◆ **REQUIRED ACTION**:
Repeat the data that follows verbatim. Images are not part of the copy.

◆ **RECORDS FOR THIS EXERCISE**:
┄┄┄┄┄┄┄┄┄┄
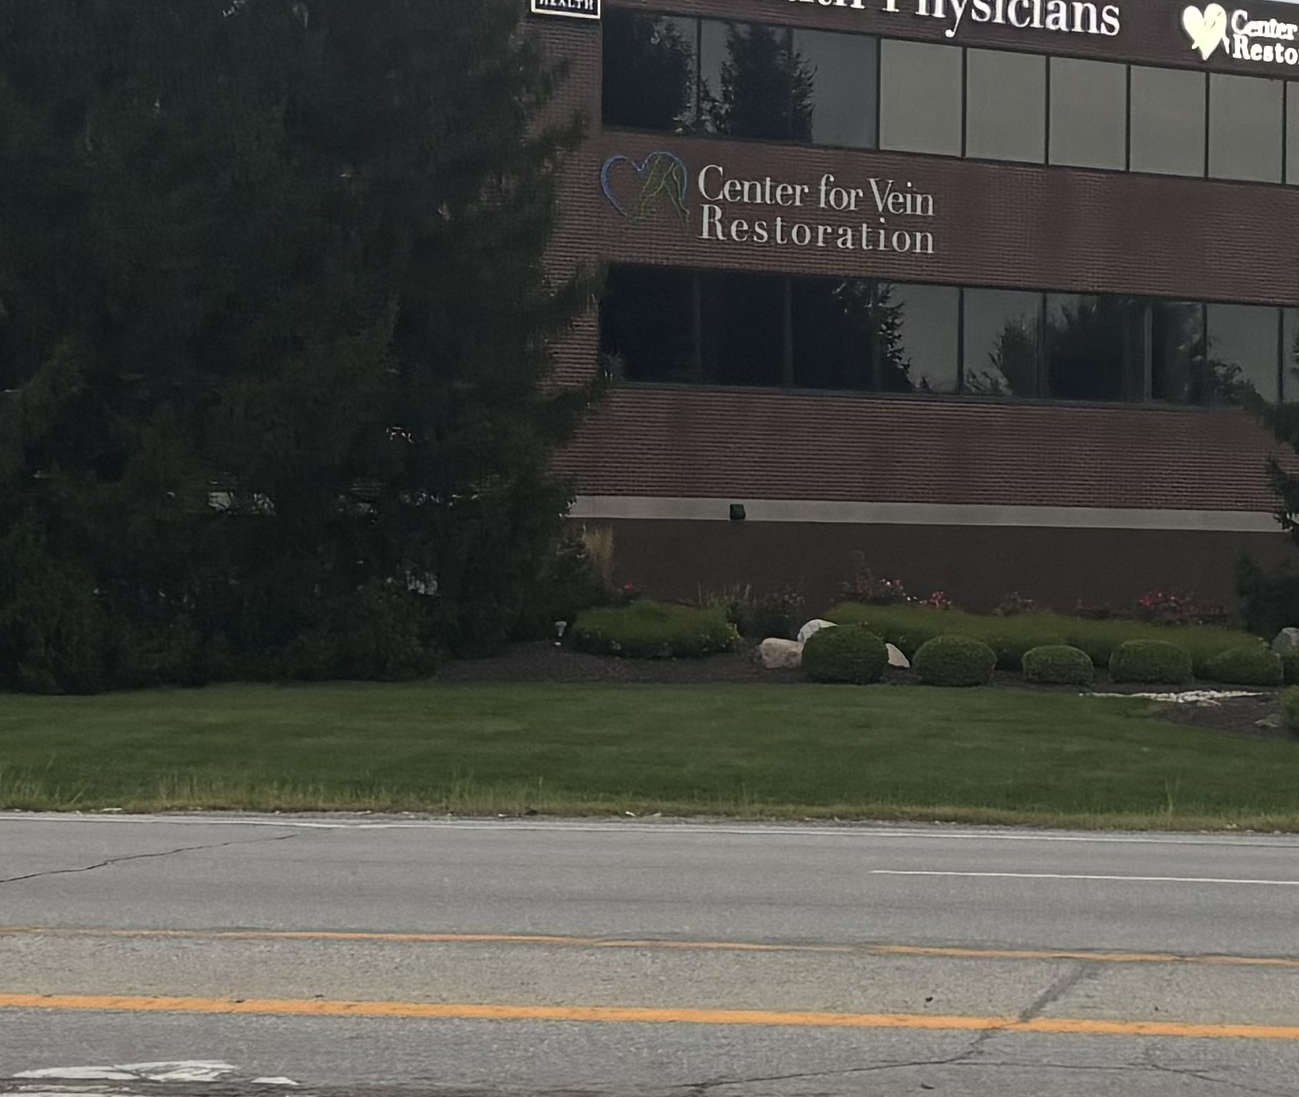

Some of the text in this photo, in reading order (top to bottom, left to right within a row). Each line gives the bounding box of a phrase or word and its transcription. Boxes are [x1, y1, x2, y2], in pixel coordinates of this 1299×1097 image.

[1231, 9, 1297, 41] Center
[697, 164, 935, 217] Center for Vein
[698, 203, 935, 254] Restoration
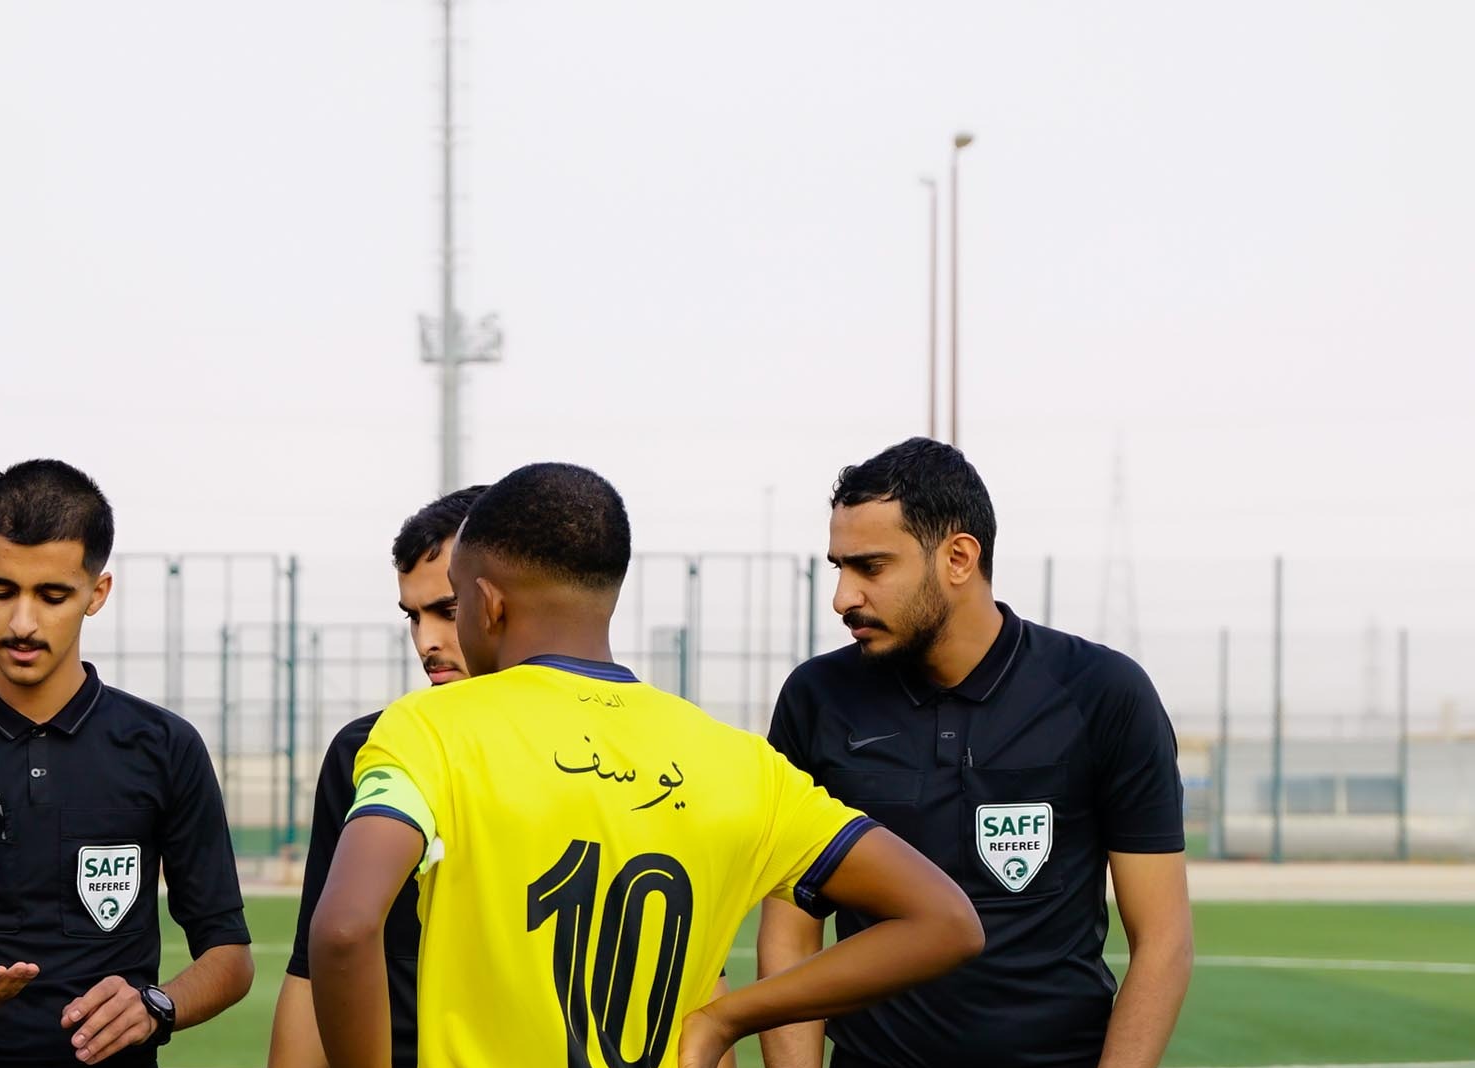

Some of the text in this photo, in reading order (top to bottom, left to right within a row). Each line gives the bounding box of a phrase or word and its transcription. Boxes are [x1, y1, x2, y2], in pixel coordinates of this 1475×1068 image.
┄┄┄┄┄┄┄┄┄┄
◆ **SOLUTION**:
Some of the text in this photo, in reading order (top to bottom, left to right within a row). Each line gives the bounding box of a phrase or word and its transcription. Boxes are [x1, y1, x2, y2], in pixel coordinates of this 1299×1097 image.

[1231, 9, 1297, 41] Center
[697, 164, 935, 217] Center for Vein
[698, 203, 935, 254] Restoration

Some of the text in this photo, in reading order (top to bottom, left to right within a row). Each line gives the bounding box of a phrase or word and its transcription. Boxes are [x1, y1, x2, y2], in pixel coordinates of this 1475×1068 image.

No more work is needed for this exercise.